Response: We agree in part. For consistency with section 466(a)(19)(A) of the Act, we added the words “where appropriate” in paragraph (a) of this section. Paragraph (a) requires States to have laws pertaining to the use of the NMSN. The sentence reads, “States must have laws, in accordance with section 466(a)(19) of the Act, requiring procedures specified under paragraph (c) of this section for the use, where appropriate, of the National Medical Support Notice (NMSN) * * *. ” Given this change to paragraph(a), we do not believe it is necessary to add the language, “where appropriate” to other subsections of section 303.32.

3. Comment: Two commenters asked for additional clarification on what constitutes “alternate” coverage in section 303.32(b). Three commenters requested that we provide a list of exceptions that can be construed as alternative coverage and some indication of how much flexibility States have on the use of alternative coverage.

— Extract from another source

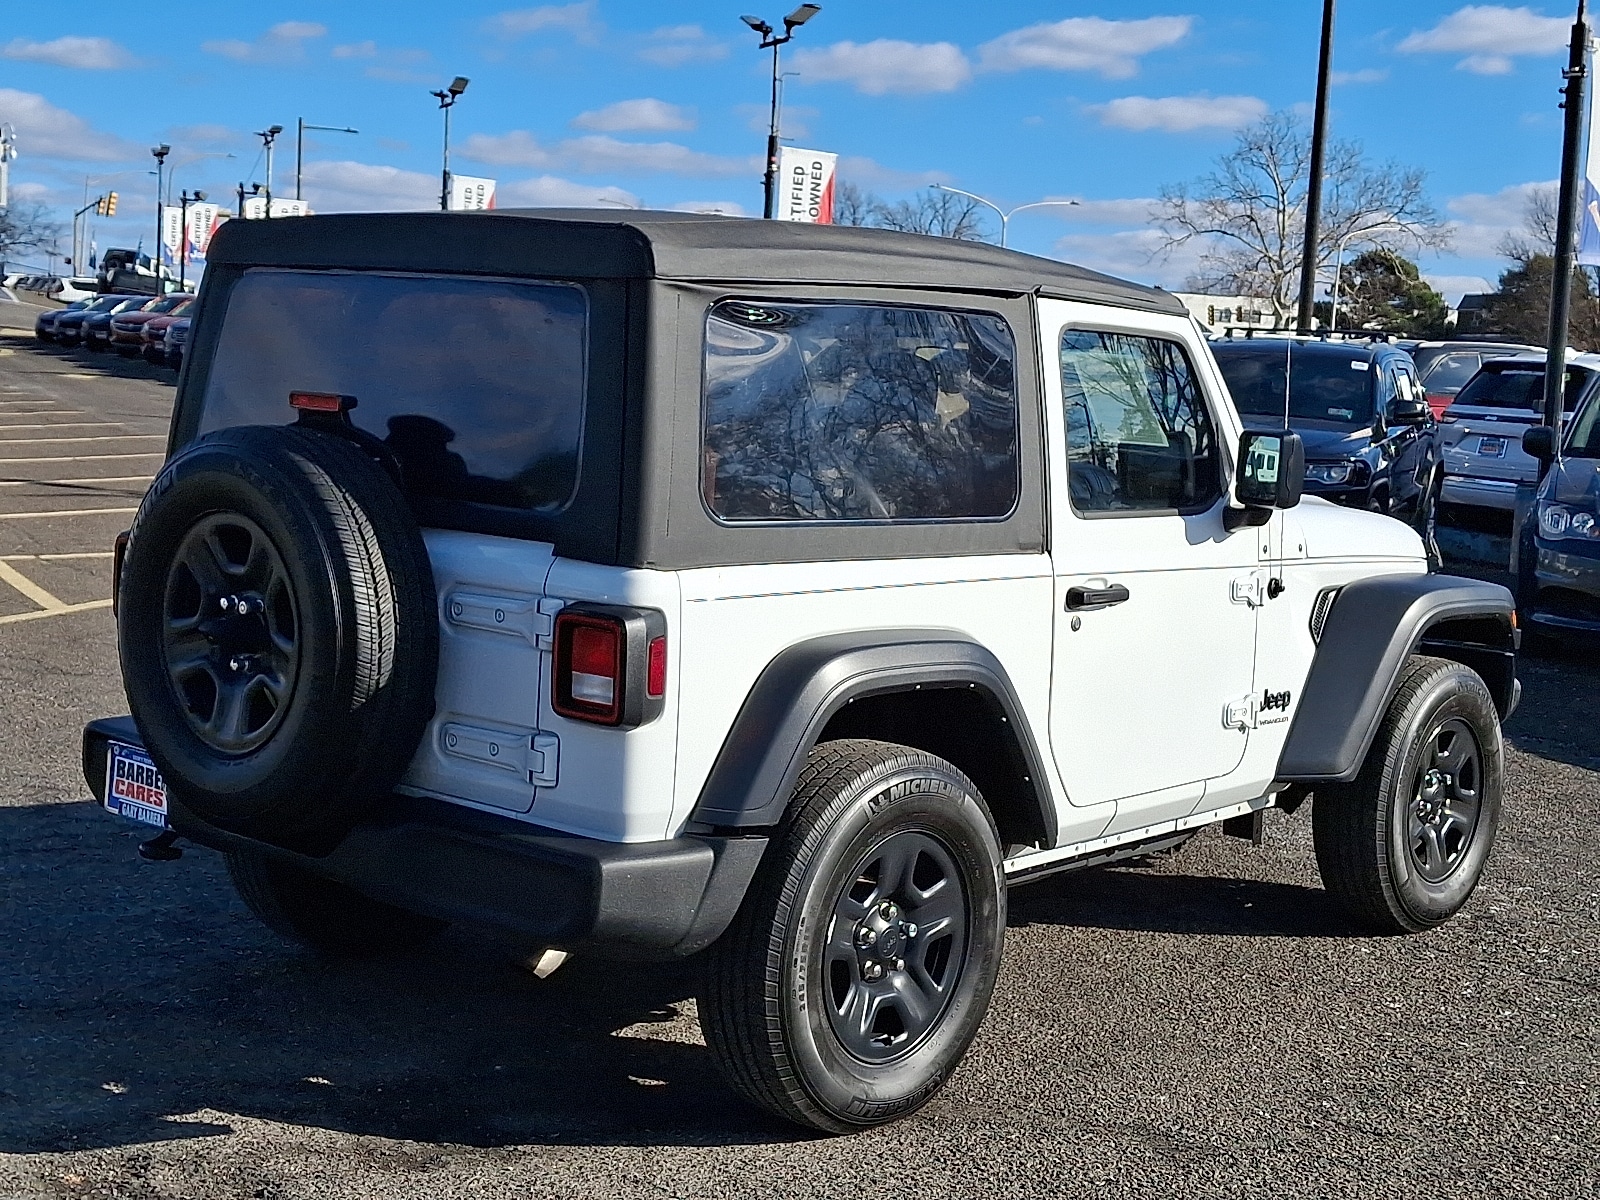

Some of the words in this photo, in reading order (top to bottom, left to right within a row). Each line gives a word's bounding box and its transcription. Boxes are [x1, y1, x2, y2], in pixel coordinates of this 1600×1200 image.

[1259, 689, 1291, 712] Jeep
[115, 779, 164, 808] CARES
[890, 779, 964, 806] MICHELIN
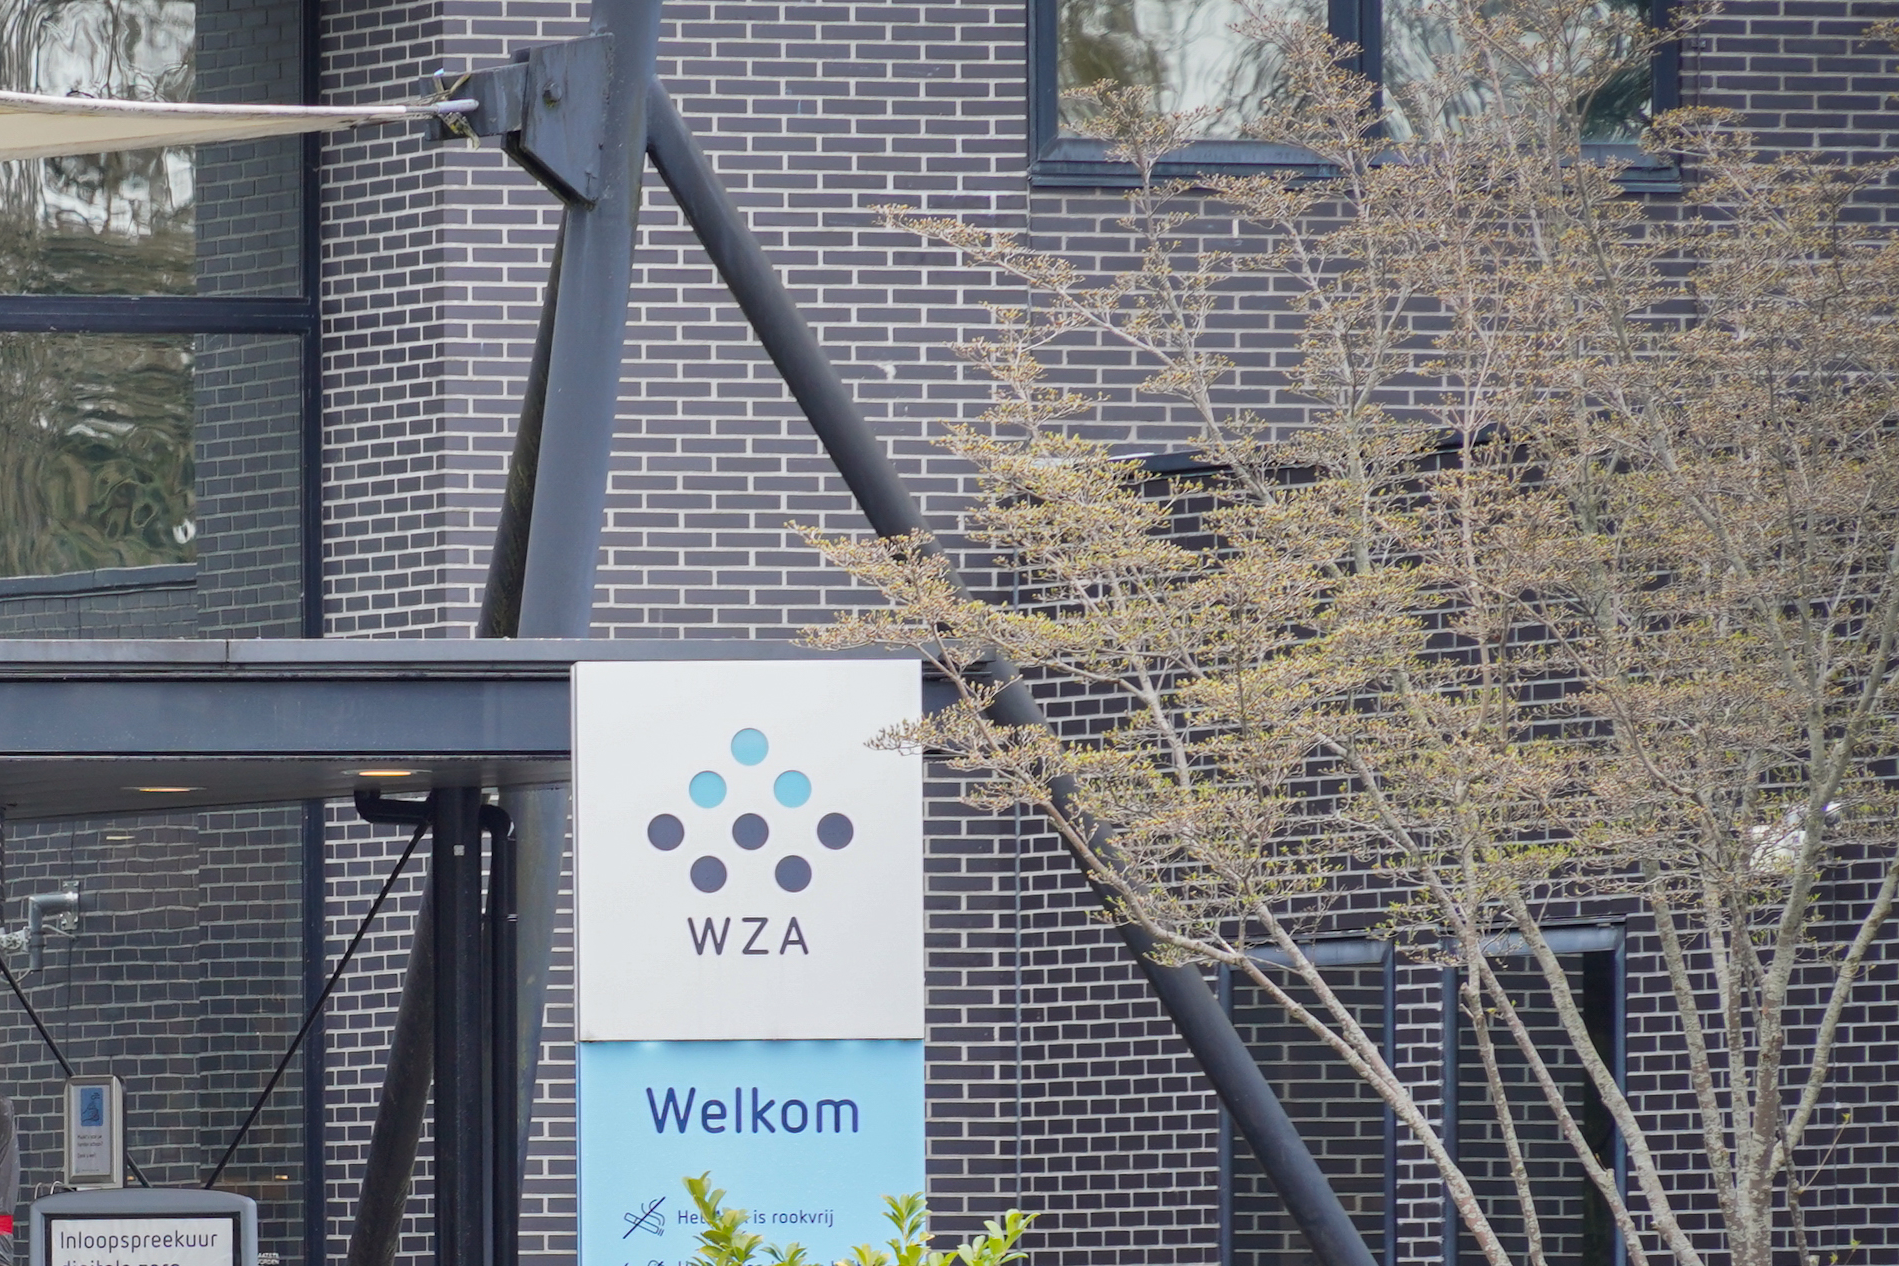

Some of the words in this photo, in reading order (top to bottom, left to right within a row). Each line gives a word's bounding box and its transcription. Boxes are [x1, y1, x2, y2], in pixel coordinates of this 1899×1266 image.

Response: Section 466(a)(19)(B) provides an exception to the requirement that the noncustodial parent provide coverage through his or her employment-related health plan. Section 466(a)(19)(B) says, “unless alternative coverage is allowed for in any order of the court (or other entity issuing the child support order) * * *” Because the statute allows for alternative coverage if stipulated in the order, we believe it is inappropriate to develop a Federal list of exceptions. However, an example of alternative coverage that might be stipulated in an order could be cash contributions for premiums for health insurance coverage provided through the custodial parent's employment. Another example of alternative coverage that might be stipulated in an order could be private coverage, unrelated to the noncustodial parent's employment, such as California's “IV-D Kids Medical Program.” States have flexibility to define and allow alternative coverage that meets the health care needs of the child.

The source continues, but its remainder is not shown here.